4. The “lamb” Abraham offered in place of Isaac (Gen 22). The account in Genesis clearly uses substitutionary and sacrificial language (Gen 22:13), and the New Testament authors invoke this account as foreshadowing Christ (Gen 22:16; Matt 3:17; Rom 8:32). However, Genesis does not present this sacrifice as taking away sin. In addition, the Septuagint uses the word “sheep” (πρόβατον, probaton) rather than “lamb” (ἀμνός, amnos) in this account (Gen 22:7 LXX). The actual animal that was sacrificed in place of Isaac was a “ram” (κριός, krios; Gen 22:13 LXX).
It is very likely that, if I had time to explain to you, my hearer, the fulness of your sin and the utter ruin of your natural state, you also would grow angry. Yet you would have no cause to be angry, for all that I could say would fall far short of the truth about your real condition in the sight of God; and it is most solemnly important for you to know that, however high you may stand in the ranks of merely moral men, you are a lost soul, and a condemned soul, so long as you remain without living faith in the Lord Jesus Christ.
The fault is not in the gospel which we preach, so you should not be angry with it, or with us; the fault is in your own selves, in your own hearts and lives; and if you do not like to be told the truth about sin, it is a sure sign that your heart is not right in the sight of God. It is still true that “every one that doeth evil hateth the light, neither cometh to the light, lest his deeds should be reproved.”

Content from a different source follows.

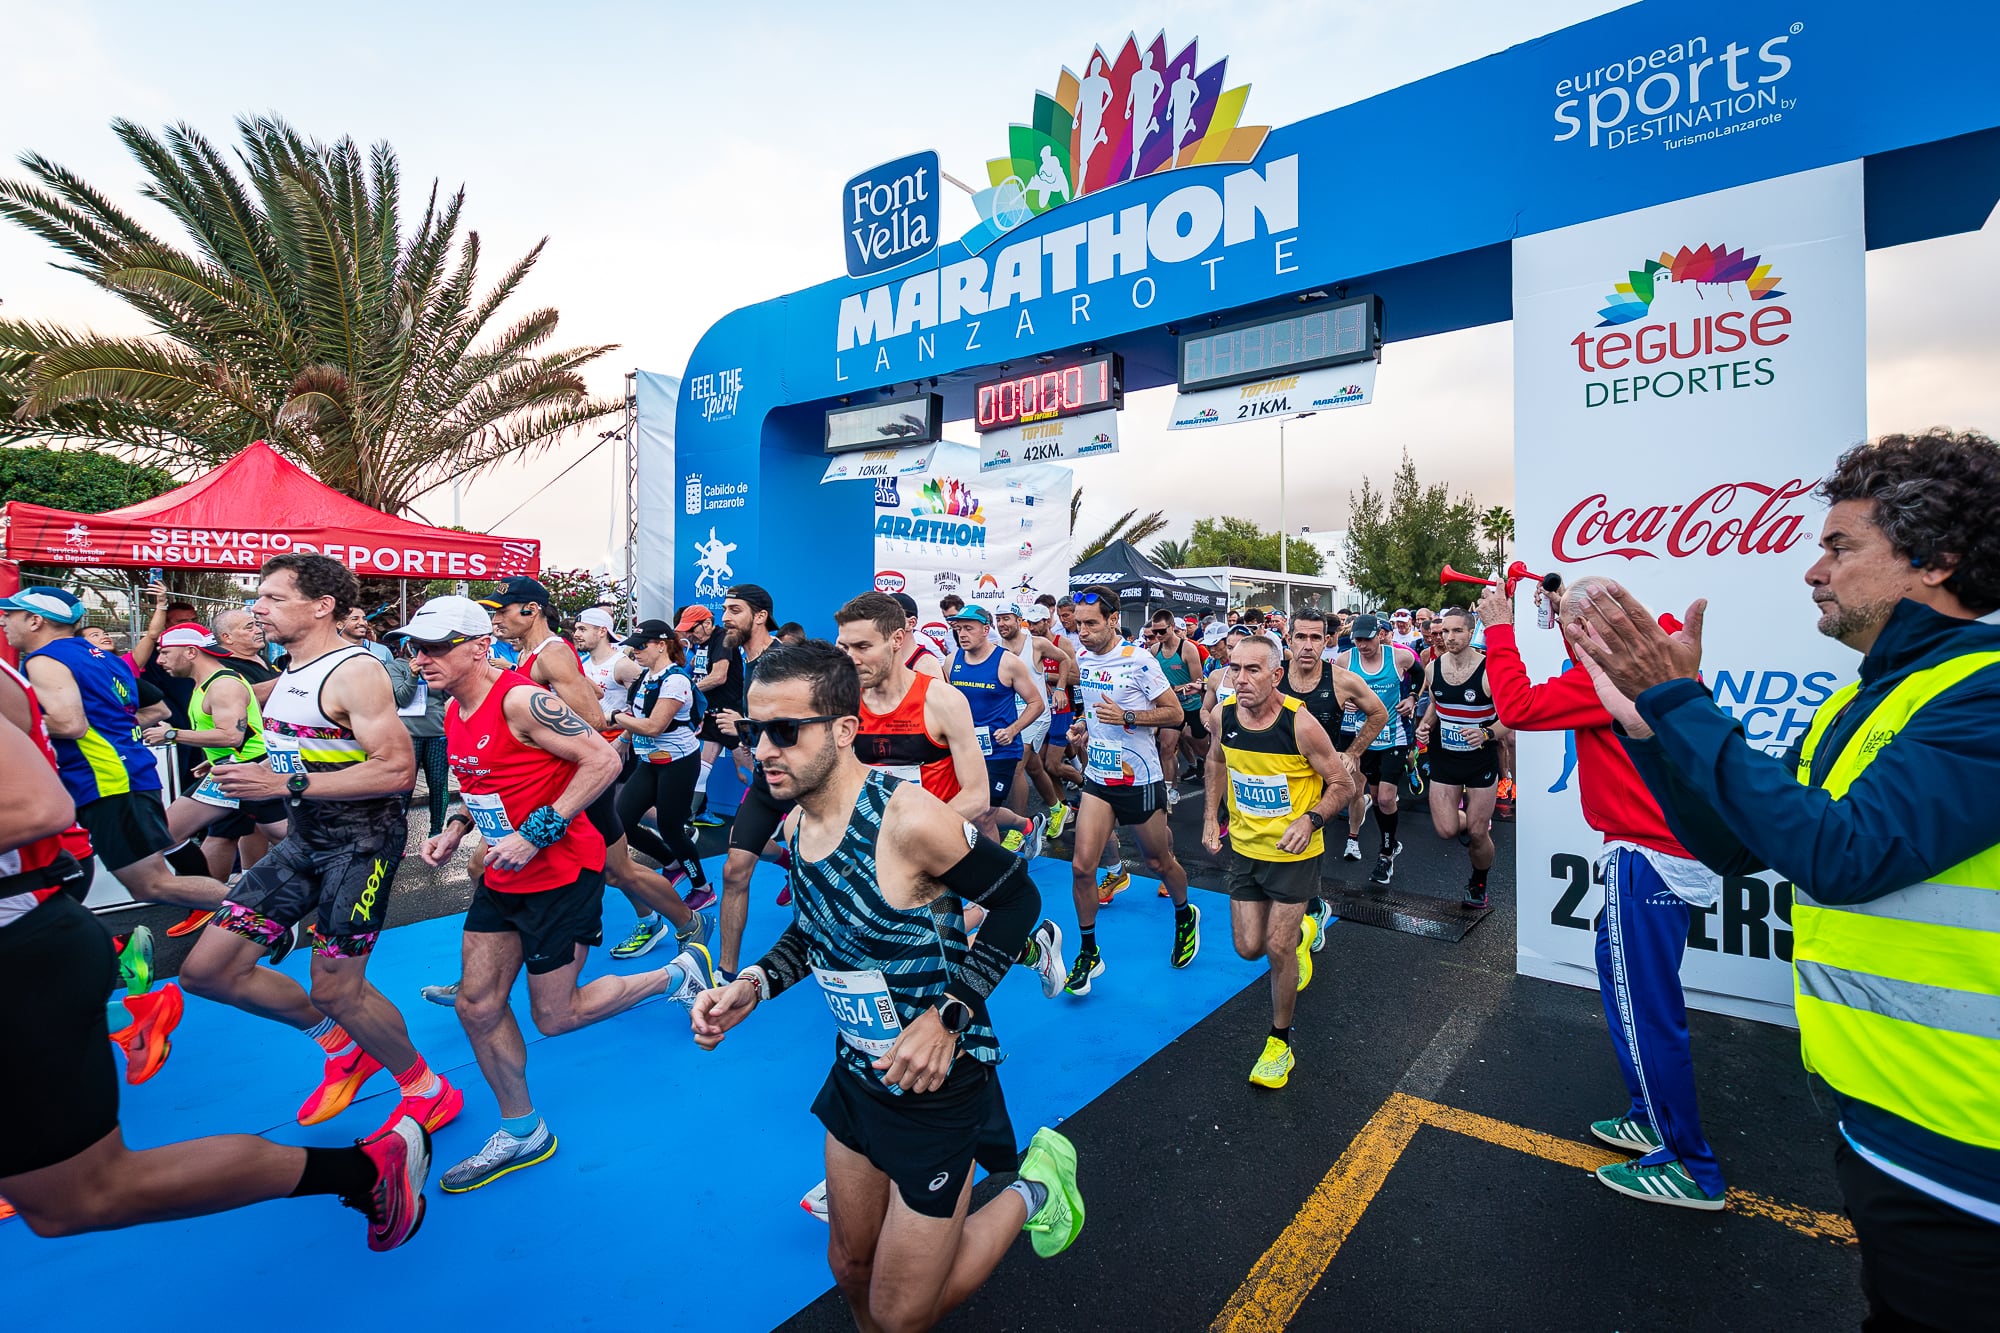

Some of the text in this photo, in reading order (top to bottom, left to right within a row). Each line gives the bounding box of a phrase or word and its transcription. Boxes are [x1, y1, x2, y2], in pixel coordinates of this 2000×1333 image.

When Jesus Christ was put into our place, our sin was laid upon him; and sin, like anything else, cannot be in two places at one time. If, then, I, being a believer in Jesus, know that all my sin was laid upon Christ, it follows necessarily that I have no sin left Upon me. It has become Christ’s burden; he has taken it away from me. “Yes,” you say, “but then the sin is still on Christ.” Ah! but, my hearers, if our Lord Jesus Christ, “his own self bare our sins in his own body up to the tree,” he there endured all the punishment that was due to us, or an equivalent for it, and those sins were by that means put away; that is to say, they ceased to be; so they do not exist any longer. All my indebtedness to God was transferred to Christ, and he paid all my debts.

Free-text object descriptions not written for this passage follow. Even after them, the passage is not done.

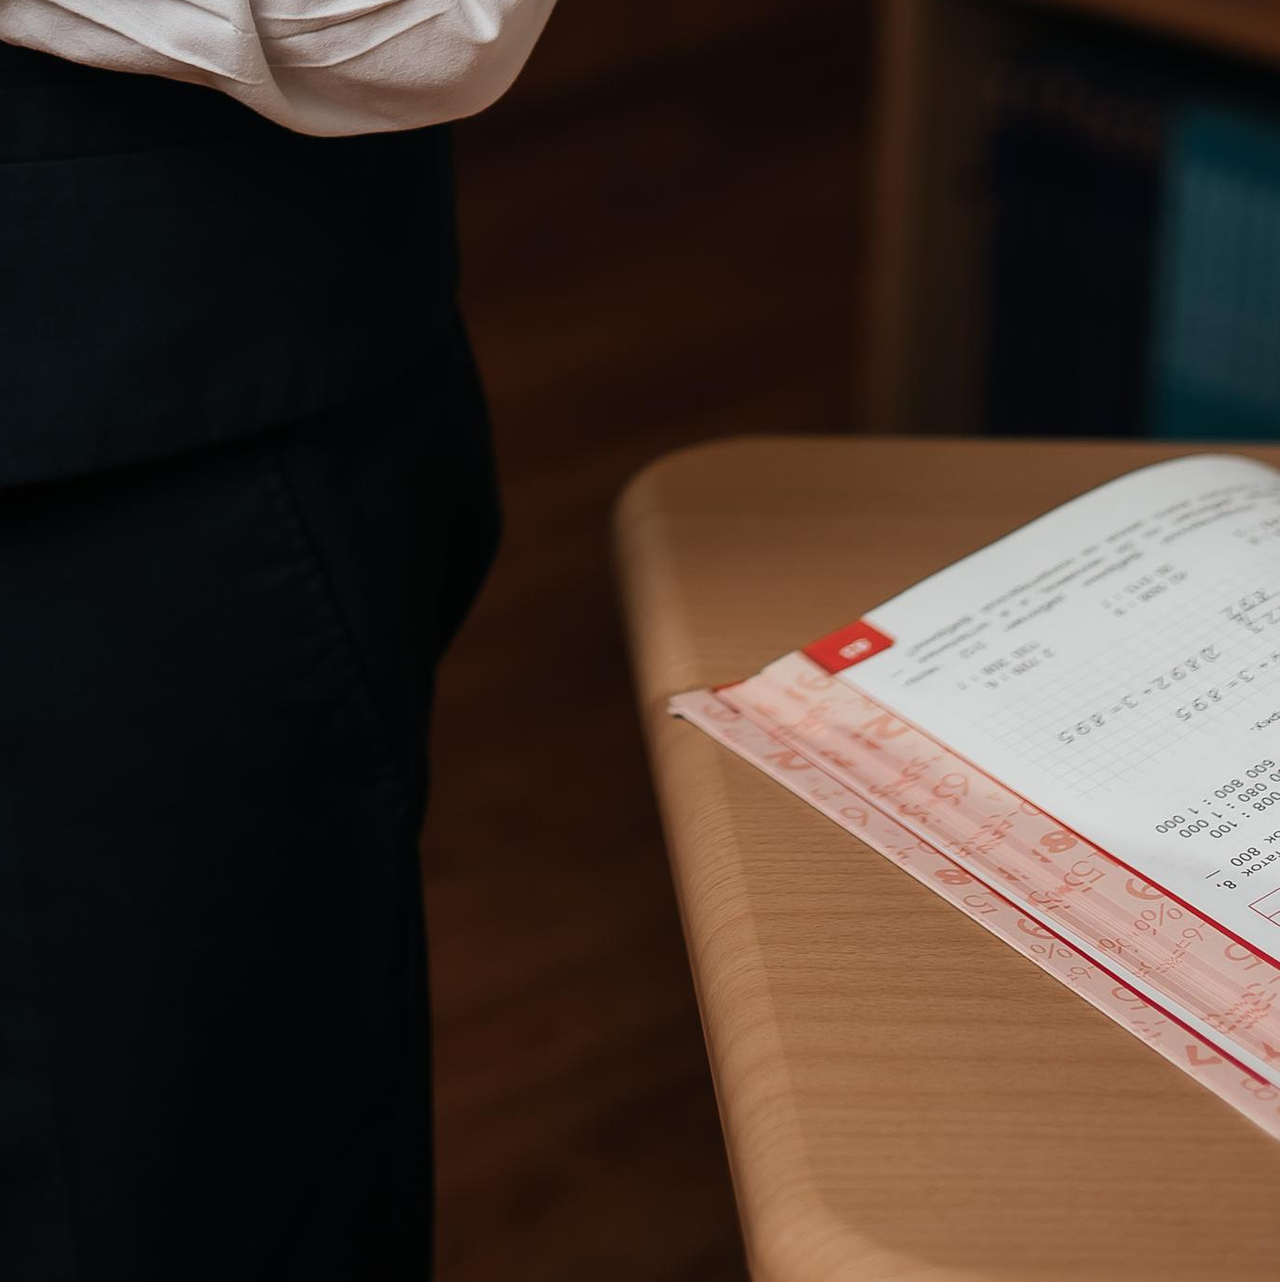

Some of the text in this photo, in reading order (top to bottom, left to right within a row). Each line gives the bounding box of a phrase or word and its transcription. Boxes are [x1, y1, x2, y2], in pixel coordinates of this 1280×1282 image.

[1246, 759, 1275, 778] 600
[1214, 779, 1243, 799] 800
[1237, 782, 1267, 802] 080
[1155, 815, 1186, 834] 000
[1179, 819, 1209, 838] 000
[1209, 820, 1237, 838] 100
[1230, 847, 1260, 866] 800

When Dr. Judson went home to America from Burmah, there was a large congregation gathered together, and they requested the returned missionary, the veteran of so many years of service, to address the assembly. He stood up, and simply told the story that I have again told you to-night, the story of Christ suffering in the stead of sinners, and of Christ saving all who trust him. Then he sat down; and one who sat next him said to him, “I am afraid the friends are rather disappointed; they expected to hear something interesting from you.” He said, “I have spoken to them, to the best of my ability, upon the most interesting subject in the whole world; what could I have done better than that?” “Yes,” said the other; “but, after having been so long abroad, they thought that you would tell them some interesting story; they did not think you would come all the way from Burmah just to tell them only that.” The missionary then rose, and said, “I should like to go home feeling that, although I have come all the way from Burmah, I do not know anything that I can tell you that I think is half so good for you to hear, or half so interesting, as the story of the love of Christ in dying to save sinners.” The good doctor was right; and I feel, just as he did, that there is nothing so interesting as the story of the cross. You want to hear it, you who are already saved; and you want to hear it, you who are not yet saved. You must hear it, for there is no hope of salvation for you except as faith shall come to you by hearing, and specially hearing that portion of the Word of God which deals most closely with the cross of Christ.